→ **SOURCE MATERIAL**:
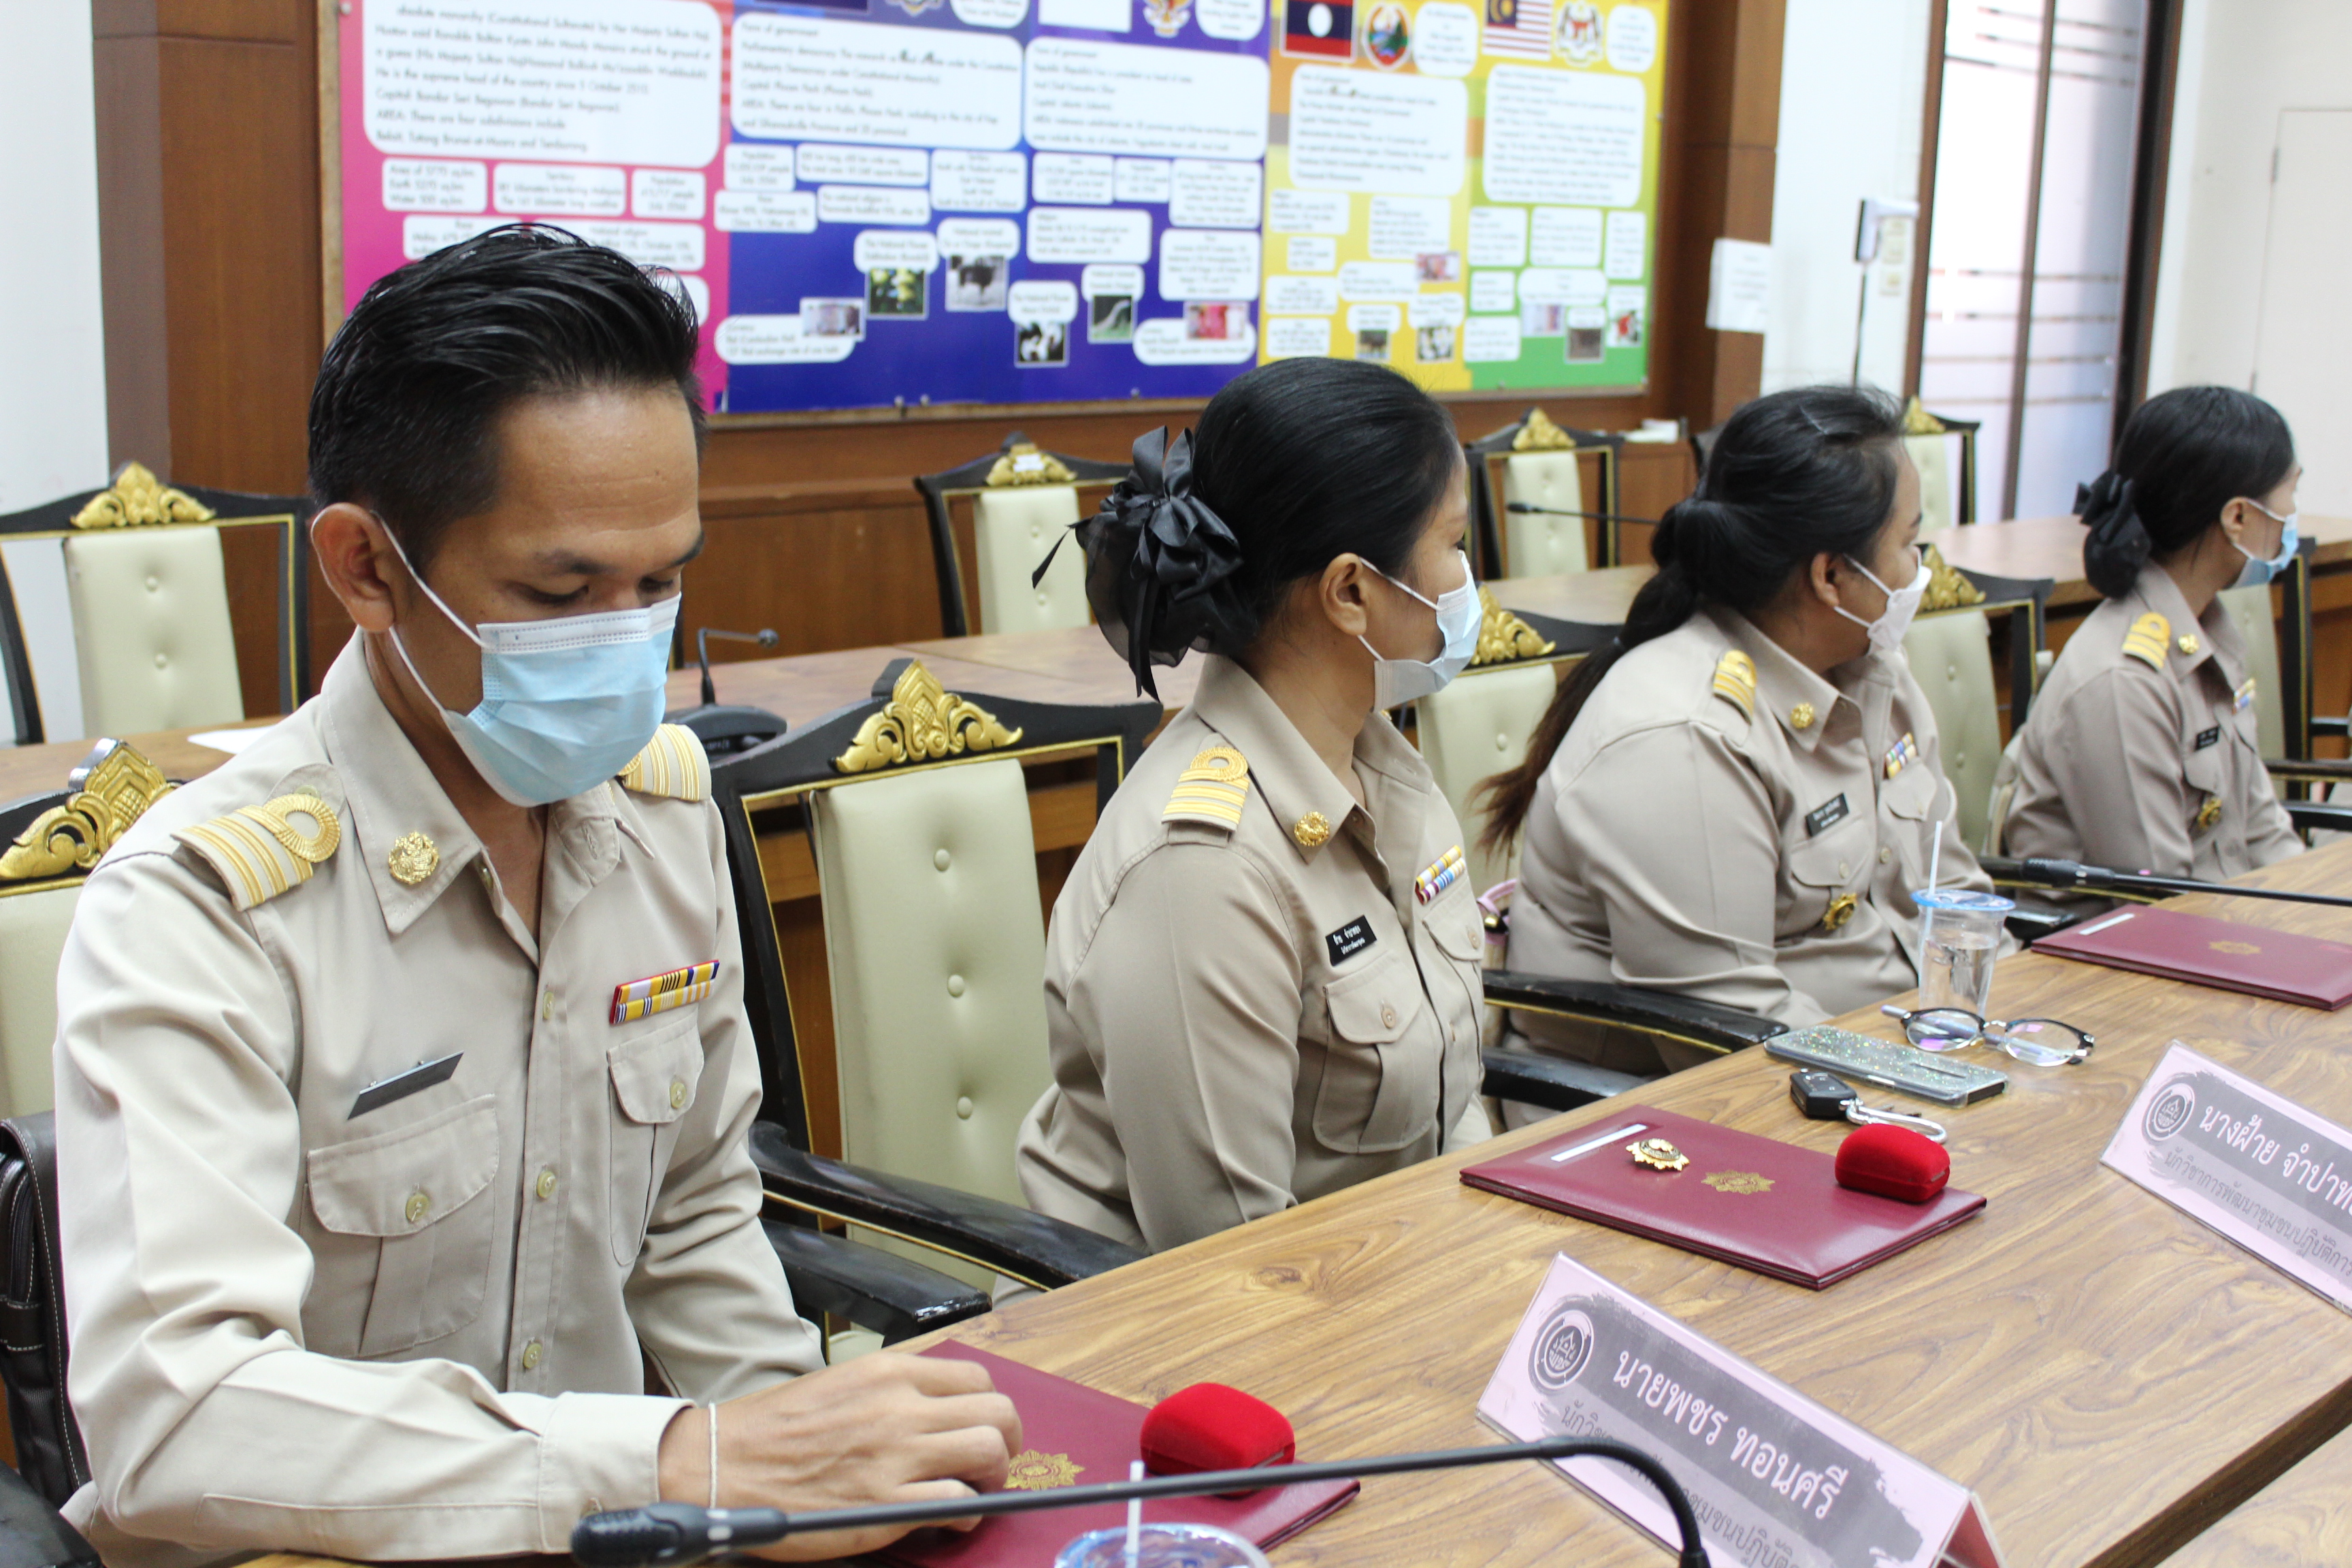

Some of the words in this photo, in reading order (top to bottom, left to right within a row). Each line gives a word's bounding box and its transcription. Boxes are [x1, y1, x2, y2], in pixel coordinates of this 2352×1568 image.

[2199, 1105, 2280, 1165] นางฝ้าย
[2282, 1143, 2352, 1216] จำปาท
[1613, 1348, 1729, 1442] นายพชร
[1731, 1426, 1848, 1520] ทอนศรี
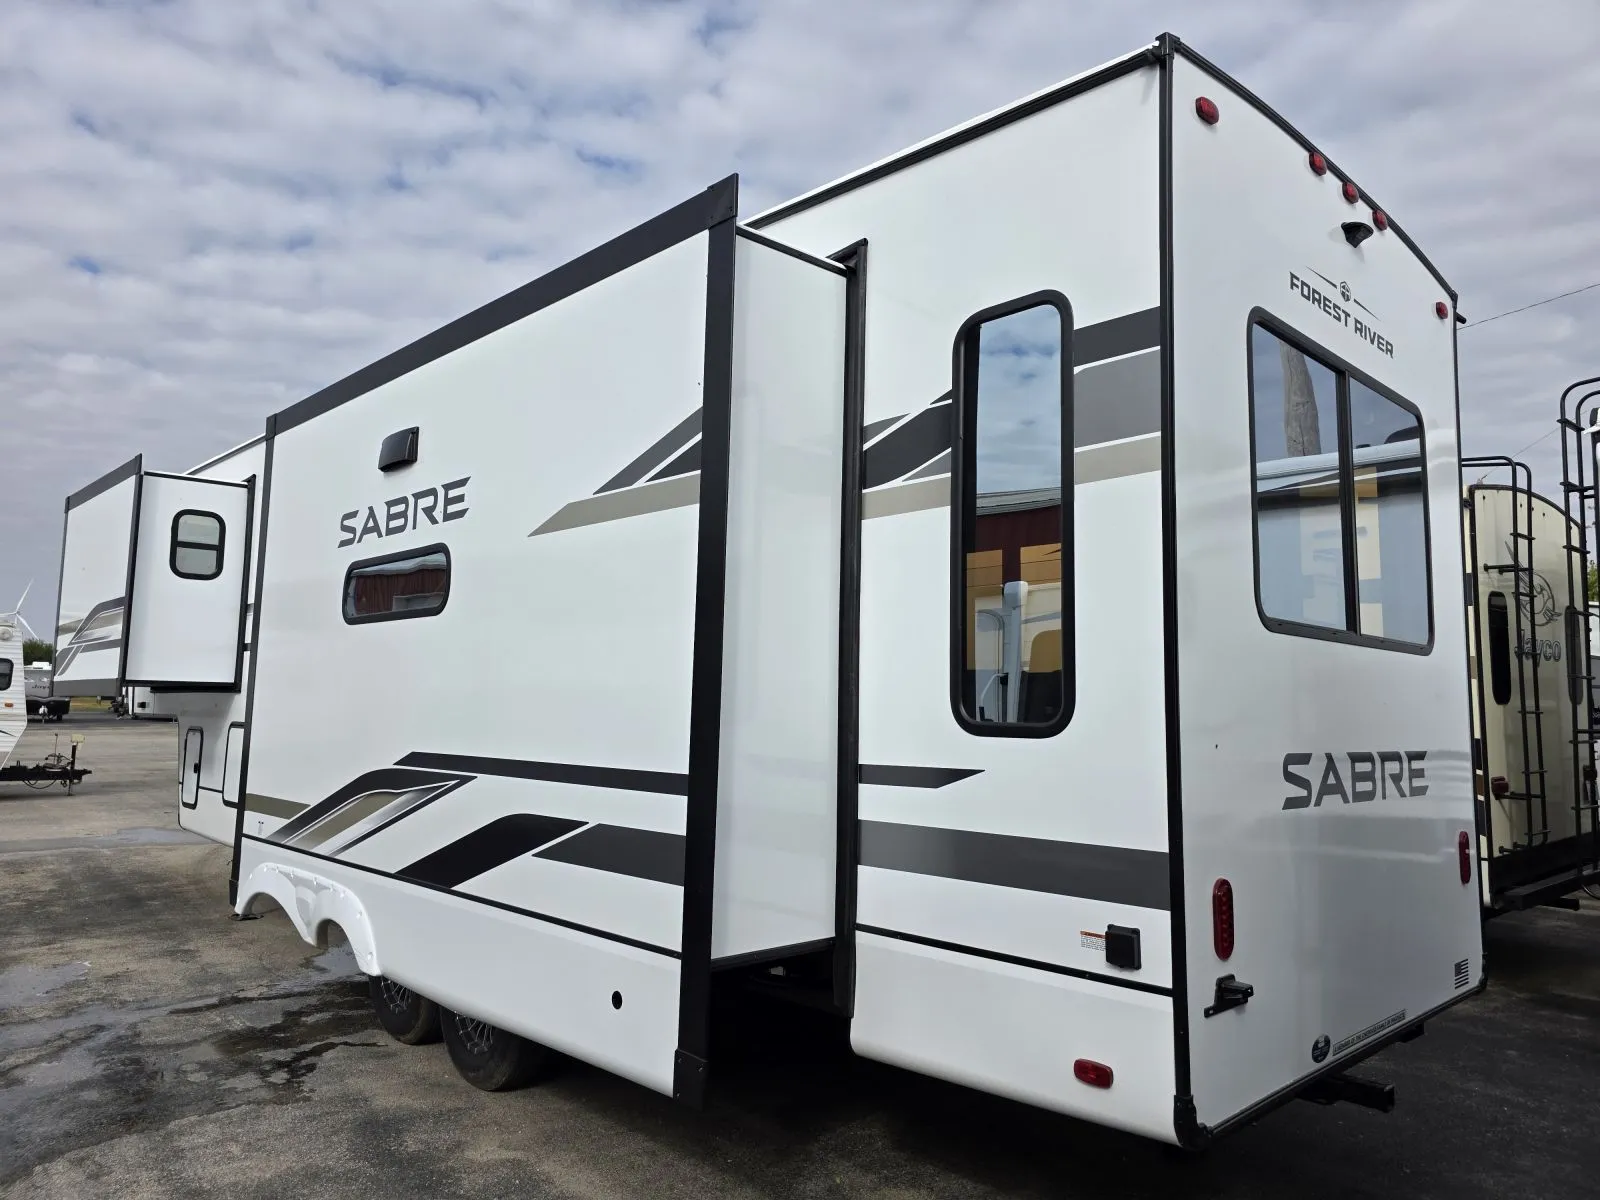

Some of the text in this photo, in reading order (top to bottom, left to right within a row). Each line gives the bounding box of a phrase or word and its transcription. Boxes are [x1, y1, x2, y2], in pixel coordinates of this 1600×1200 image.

→ **YOUR TASK**: Transcribe the data completely. No pictures should appear in the transcription.

→ **RESPONSE TO THE EXERCISE**:
Some of the words in this photo, in reading order (top to bottom, left to right within a row). Each line gives a word's bounding box and its transcription. Boxes are [x1, y1, x2, y2], in pixel coordinates of this 2352×1568 image.

[2199, 1105, 2280, 1165] นางฝ้าย
[2282, 1143, 2352, 1216] จำปาท
[1613, 1348, 1729, 1442] นายพชร
[1731, 1426, 1848, 1520] ทอนศรี

Some of the text in this photo, in reading order (top to bottom, left to right within a row). Each line gives the bounding box of a phrase or word and its transcription. Boxes are [x1, y1, x2, y2], in pixel coordinates of this 1600×1200 image.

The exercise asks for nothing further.